Start of Block

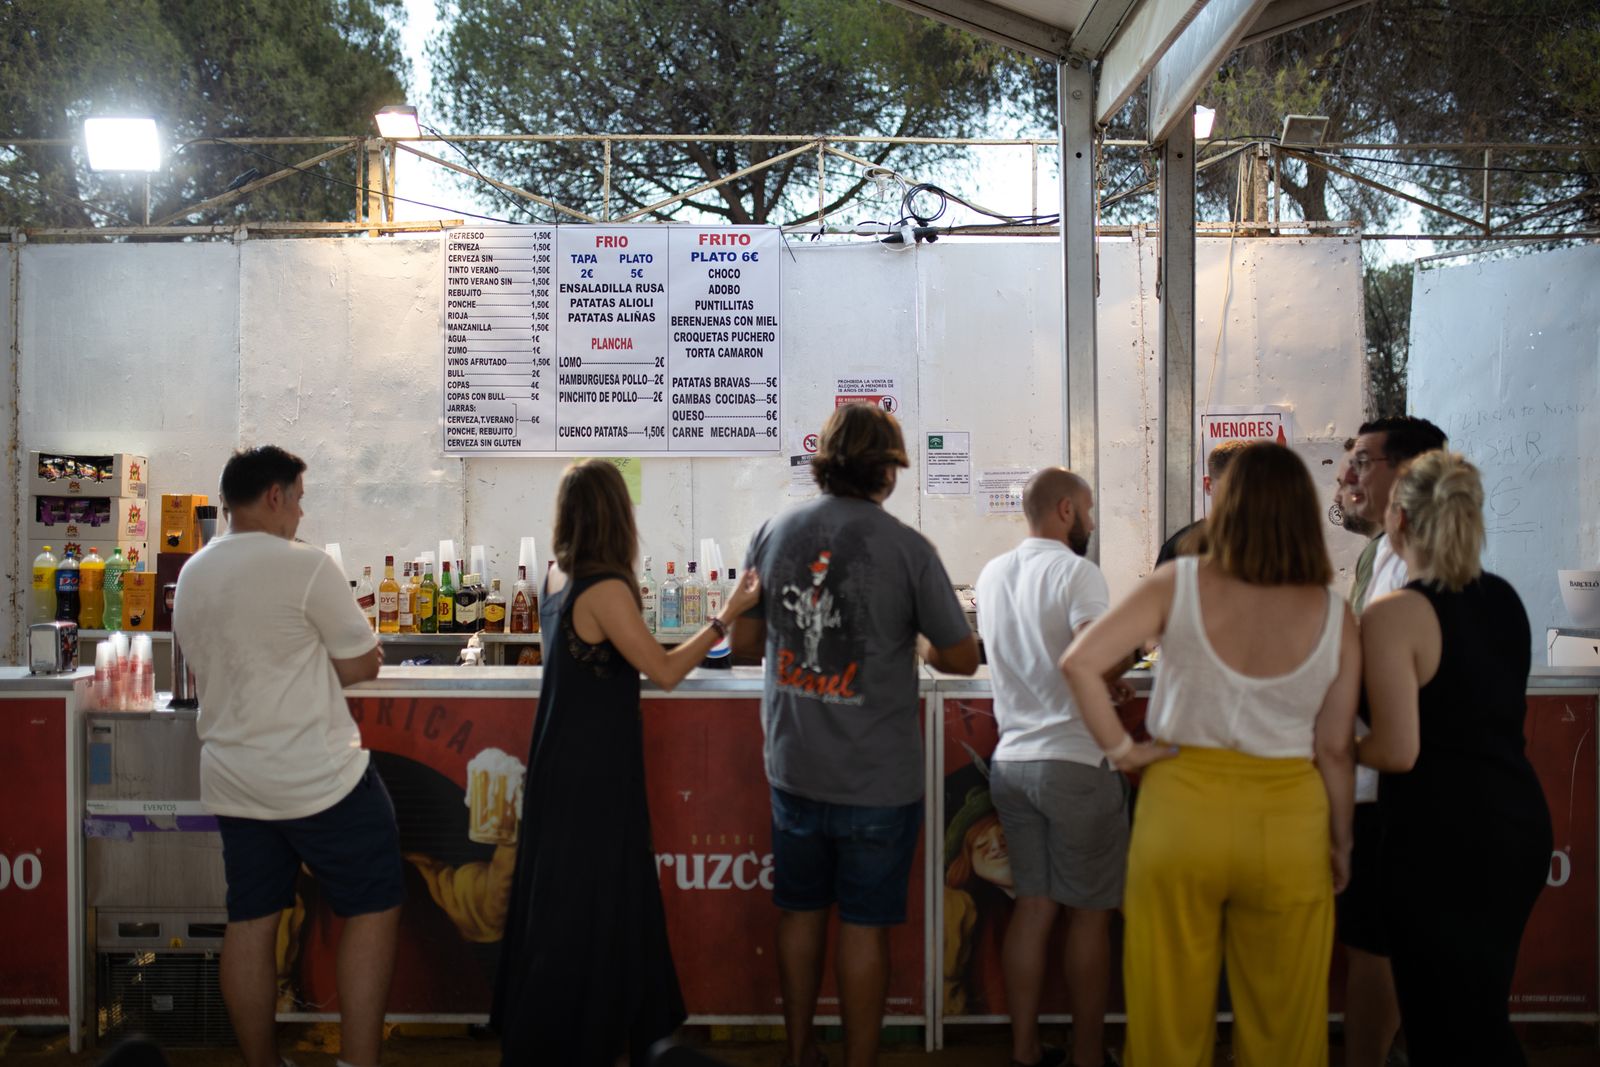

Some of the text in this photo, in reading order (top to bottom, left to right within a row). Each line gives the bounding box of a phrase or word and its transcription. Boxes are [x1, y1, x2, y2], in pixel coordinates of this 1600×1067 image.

[596, 236, 628, 248] FRIO
[699, 234, 751, 245] FRITO
[532, 255, 550, 263] 1,50€
[571, 254, 653, 263] TAPA PLATO
[691, 252, 759, 262] PLATO 6€
[581, 269, 643, 278] 2€ 5€
[708, 268, 740, 278] CHOCO
[531, 278, 550, 286] 1,50€
[531, 289, 550, 298] 1,50€
[560, 284, 664, 293] ENSALADILLA RUSA
[708, 285, 740, 294] ADOBO
[531, 301, 549, 309] 1,50€
[570, 298, 653, 307] PATATAS ALIOLI
[695, 300, 754, 310] PUNTILLITAS
[531, 312, 549, 320] 1,50€
[568, 311, 656, 322] PATATAS ALIÑAS
[671, 316, 778, 326] BERENJENAS CON MIEL
[531, 324, 549, 332] 1,50€
[674, 332, 775, 342] CROQUETAS PUCHERO
[591, 338, 633, 349] PLANCHA
[686, 348, 763, 358] TORTA CAMARON
[559, 357, 664, 368] LOMO 2€
[559, 374, 664, 385] HAMBURGUESA POLLO 2€
[672, 377, 777, 388] PATATAS BRAVAS 5€
[559, 392, 663, 402] PINCHITO DE POLLO 2€
[672, 394, 777, 404] GAMBAS COCIDAS 5€
[672, 410, 777, 421] QUESO 6€
[559, 427, 665, 439] CUENCO PATATAS 1,50€
[672, 427, 778, 437] CARNE MECHADA 6€
[1210, 422, 1273, 438] MENORES
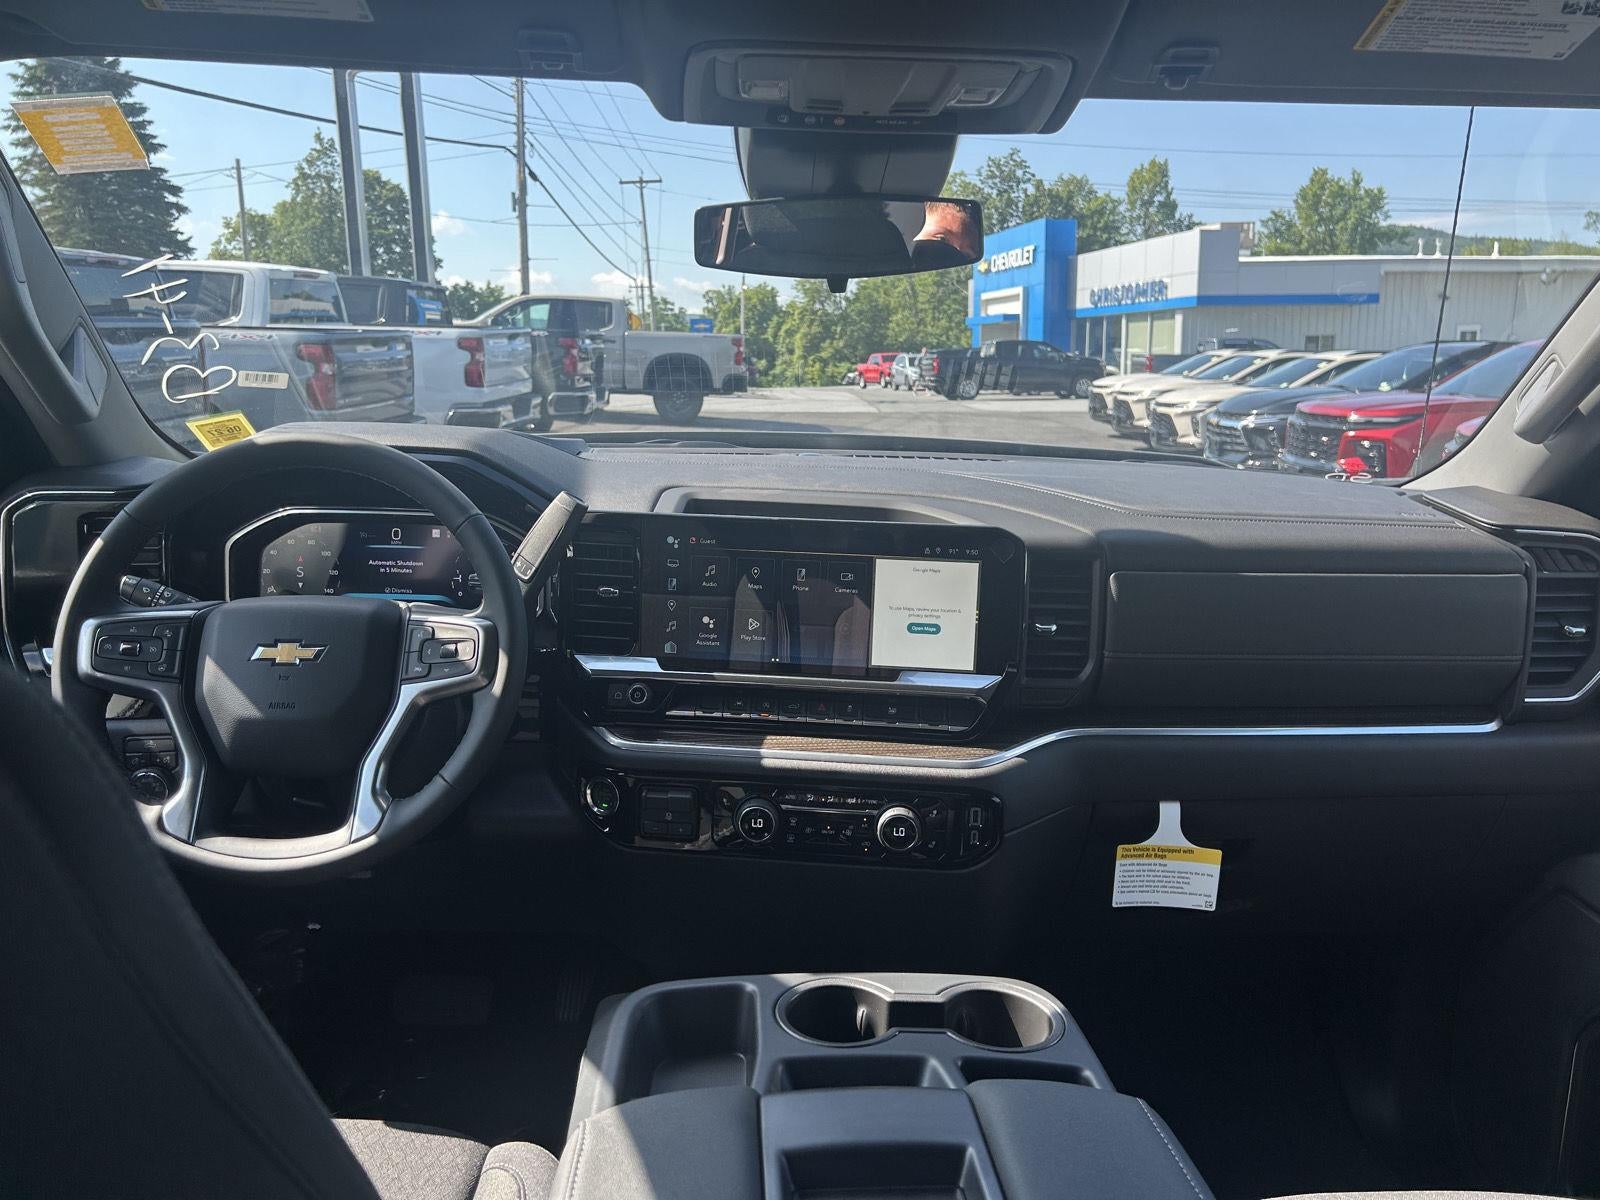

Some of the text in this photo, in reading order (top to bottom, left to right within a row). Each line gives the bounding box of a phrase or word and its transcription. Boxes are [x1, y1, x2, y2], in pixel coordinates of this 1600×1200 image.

[990, 245, 1036, 272] CHEVROLET
[751, 818, 763, 828] LO
[893, 827, 905, 837] LO
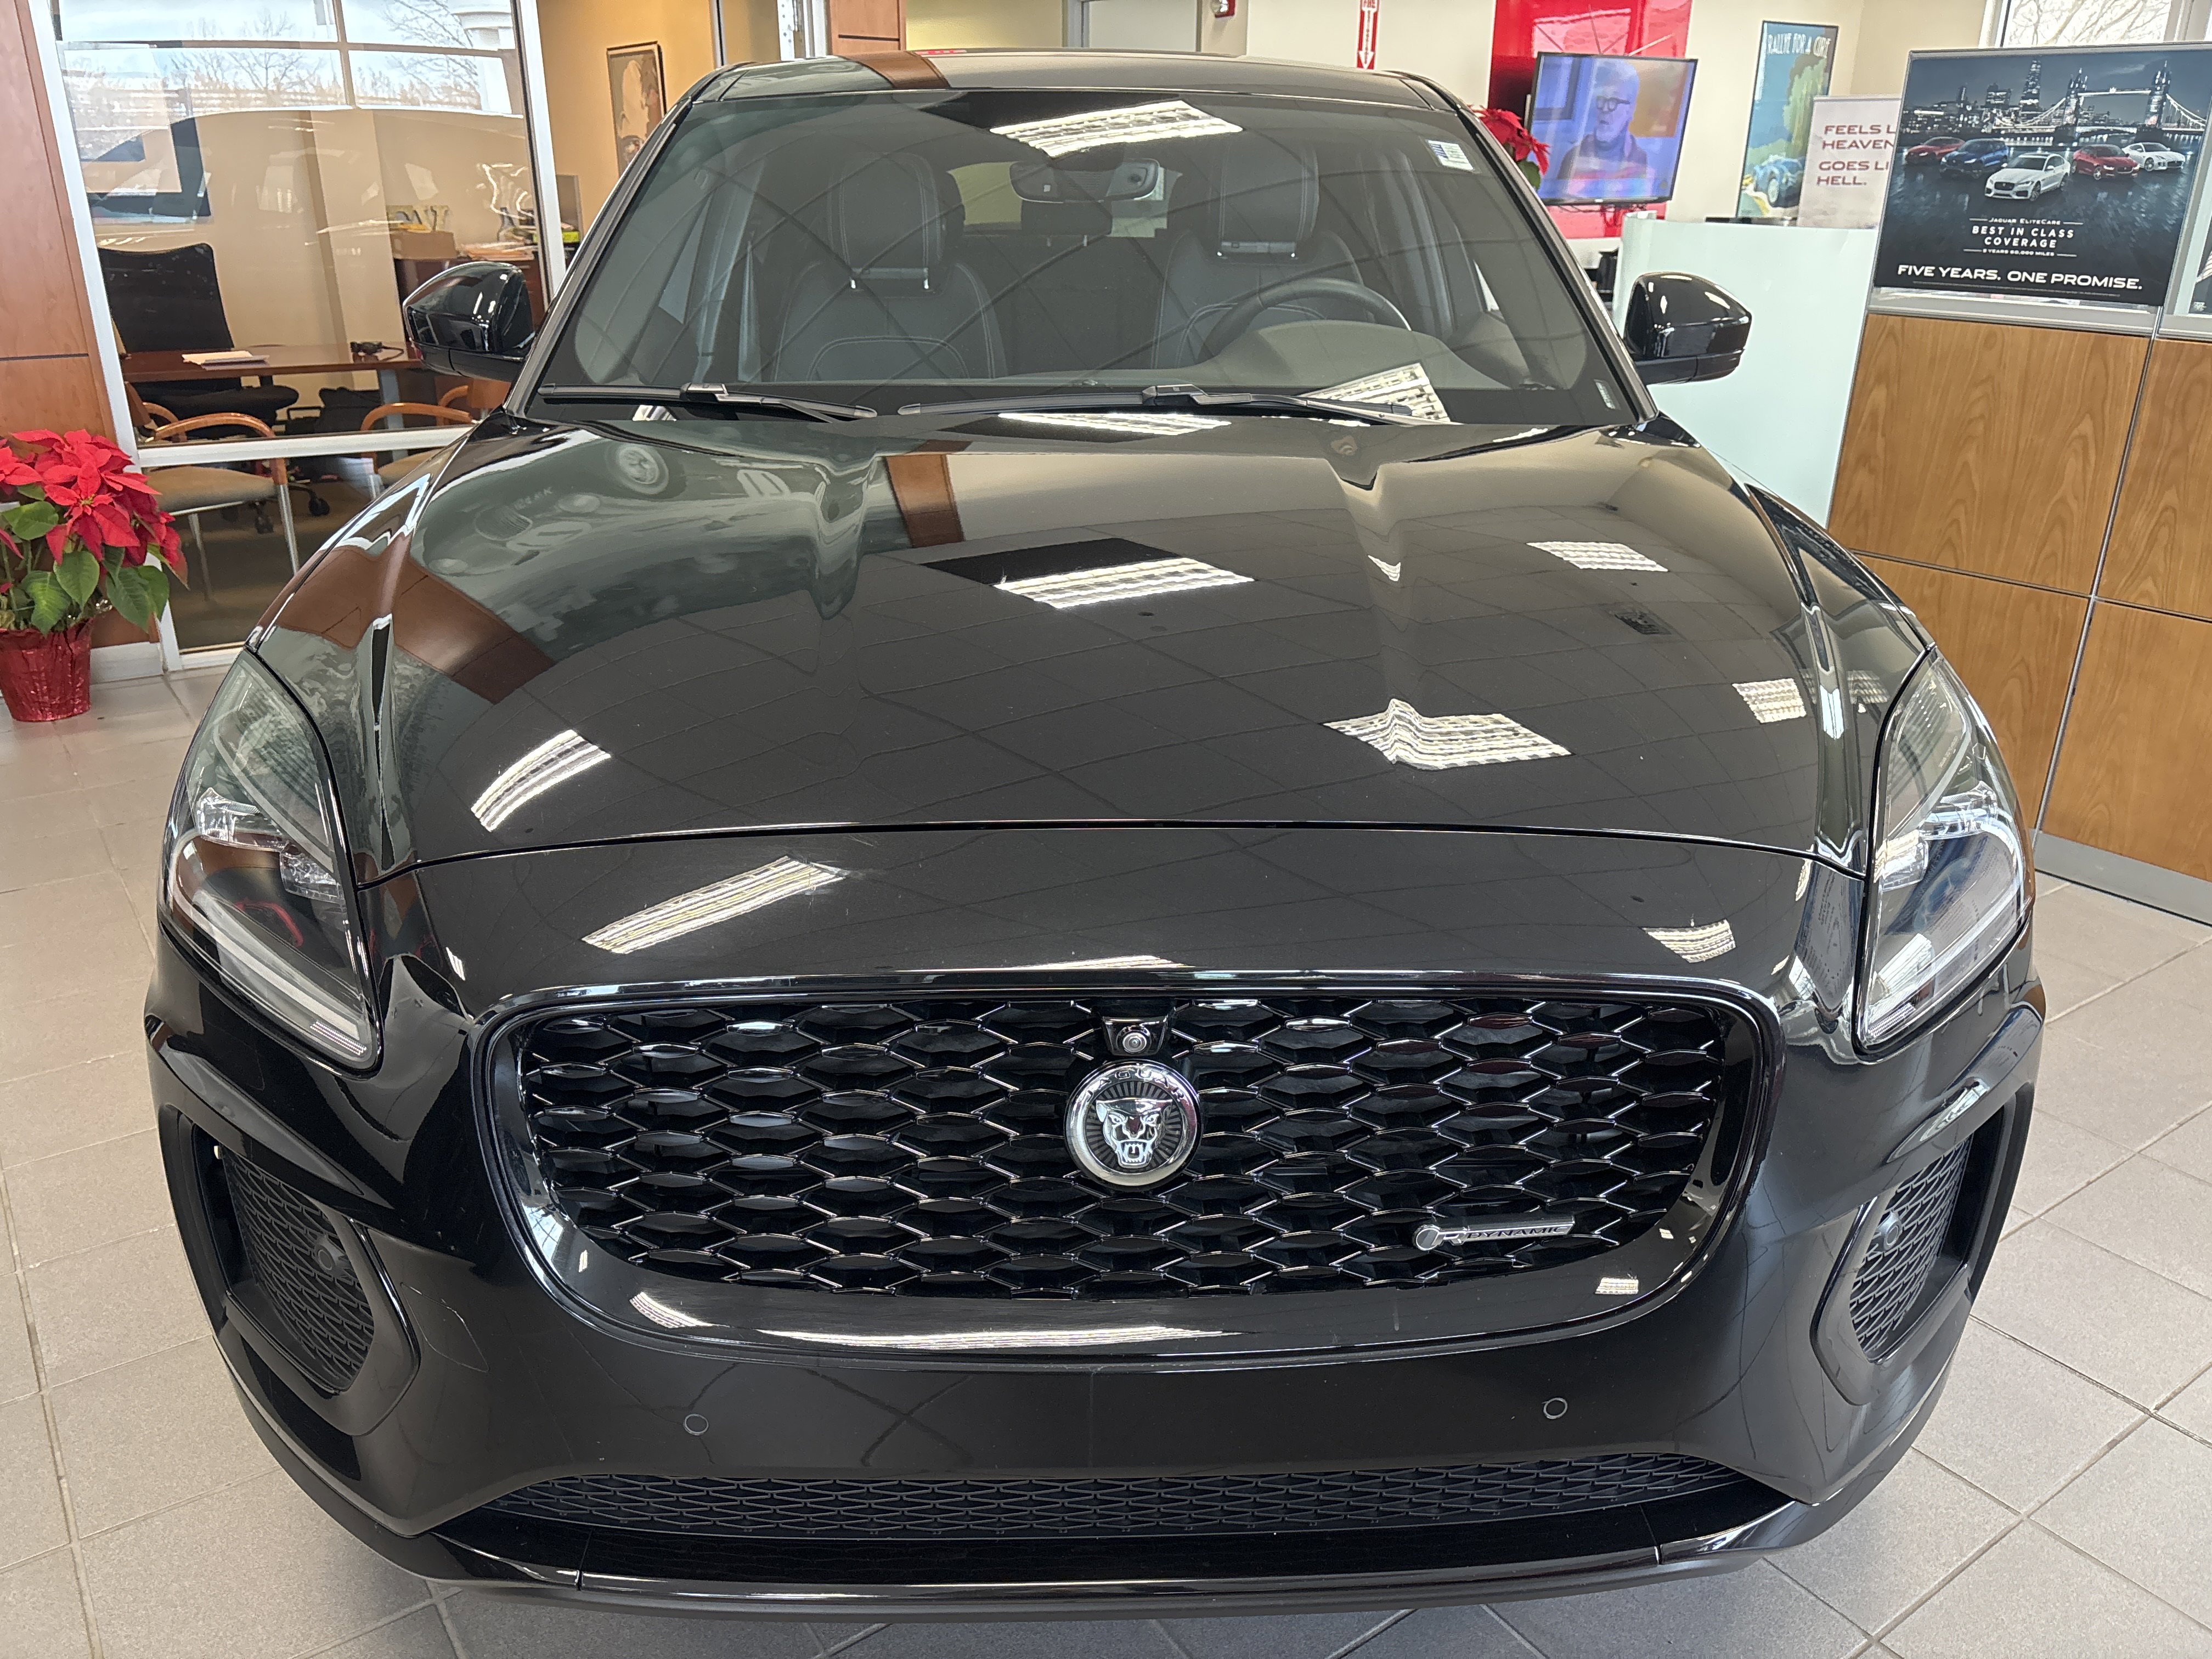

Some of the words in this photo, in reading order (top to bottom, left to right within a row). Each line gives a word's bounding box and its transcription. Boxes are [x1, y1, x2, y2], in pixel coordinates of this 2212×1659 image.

[1824, 125, 1882, 134] FEELS
[1818, 161, 1870, 171] GOES
[1874, 161, 1889, 171] LI
[1817, 176, 1867, 185] HELL.
[1972, 225, 2004, 235] BEST
[2011, 227, 2024, 236] IN
[2031, 228, 2074, 238] CLASS
[1984, 237, 2057, 248] COVERAGE
[1898, 264, 1936, 276] FIVE
[1938, 267, 2001, 280] YEARS.
[2007, 270, 2047, 283] ONE
[2050, 273, 2142, 290] PROMISE.
[1087, 1068, 1184, 1102] JAGUAR

End of Block

• [ACTION ITEM] Output the whole listing again, exactly, without its pictures.

• [RESULT]
Some of the text in this photo, in reading order (top to bottom, left to right within a row). Each line gives the bounding box of a phrase or word and its transcription. Boxes are [x1, y1, x2, y2], in pixel coordinates of this 1600×1067 image.

[596, 236, 628, 248] FRIO
[699, 234, 751, 245] FRITO
[532, 255, 550, 263] 1,50€
[571, 254, 653, 263] TAPA PLATO
[691, 252, 759, 262] PLATO 6€
[581, 269, 643, 278] 2€ 5€
[708, 268, 740, 278] CHOCO
[531, 278, 550, 286] 1,50€
[531, 289, 550, 298] 1,50€
[560, 284, 664, 293] ENSALADILLA RUSA
[708, 285, 740, 294] ADOBO
[531, 301, 549, 309] 1,50€
[570, 298, 653, 307] PATATAS ALIOLI
[695, 300, 754, 310] PUNTILLITAS
[531, 312, 549, 320] 1,50€
[568, 311, 656, 322] PATATAS ALIÑAS
[671, 316, 778, 326] BERENJENAS CON MIEL
[531, 324, 549, 332] 1,50€
[674, 332, 775, 342] CROQUETAS PUCHERO
[591, 338, 633, 349] PLANCHA
[686, 348, 763, 358] TORTA CAMARON
[559, 357, 664, 368] LOMO 2€
[559, 374, 664, 385] HAMBURGUESA POLLO 2€
[672, 377, 777, 388] PATATAS BRAVAS 5€
[559, 392, 663, 402] PINCHITO DE POLLO 2€
[672, 394, 777, 404] GAMBAS COCIDAS 5€
[672, 410, 777, 421] QUESO 6€
[559, 427, 665, 439] CUENCO PATATAS 1,50€
[672, 427, 778, 437] CARNE MECHADA 6€
[1210, 422, 1273, 438] MENORES

Some of the text in this photo, in reading order (top to bottom, left to right within a row). Each line gives the bounding box of a phrase or word and its transcription. Boxes are [x1, y1, x2, y2], in pixel coordinates of this 1600×1200 image.

[990, 245, 1036, 272] CHEVROLET
[751, 818, 763, 828] LO
[893, 827, 905, 837] LO

Some of the words in this photo, in reading order (top to bottom, left to right within a row). Each line gives a word's bounding box and its transcription. Boxes are [x1, y1, x2, y2], in pixel coordinates of this 2212×1659 image.

[1824, 125, 1882, 134] FEELS
[1818, 161, 1870, 171] GOES
[1874, 161, 1889, 171] LI
[1817, 176, 1867, 185] HELL.
[1972, 225, 2004, 235] BEST
[2011, 227, 2024, 236] IN
[2031, 228, 2074, 238] CLASS
[1984, 237, 2057, 248] COVERAGE
[1898, 264, 1936, 276] FIVE
[1938, 267, 2001, 280] YEARS.
[2007, 270, 2047, 283] ONE
[2050, 273, 2142, 290] PROMISE.
[1087, 1068, 1184, 1102] JAGUAR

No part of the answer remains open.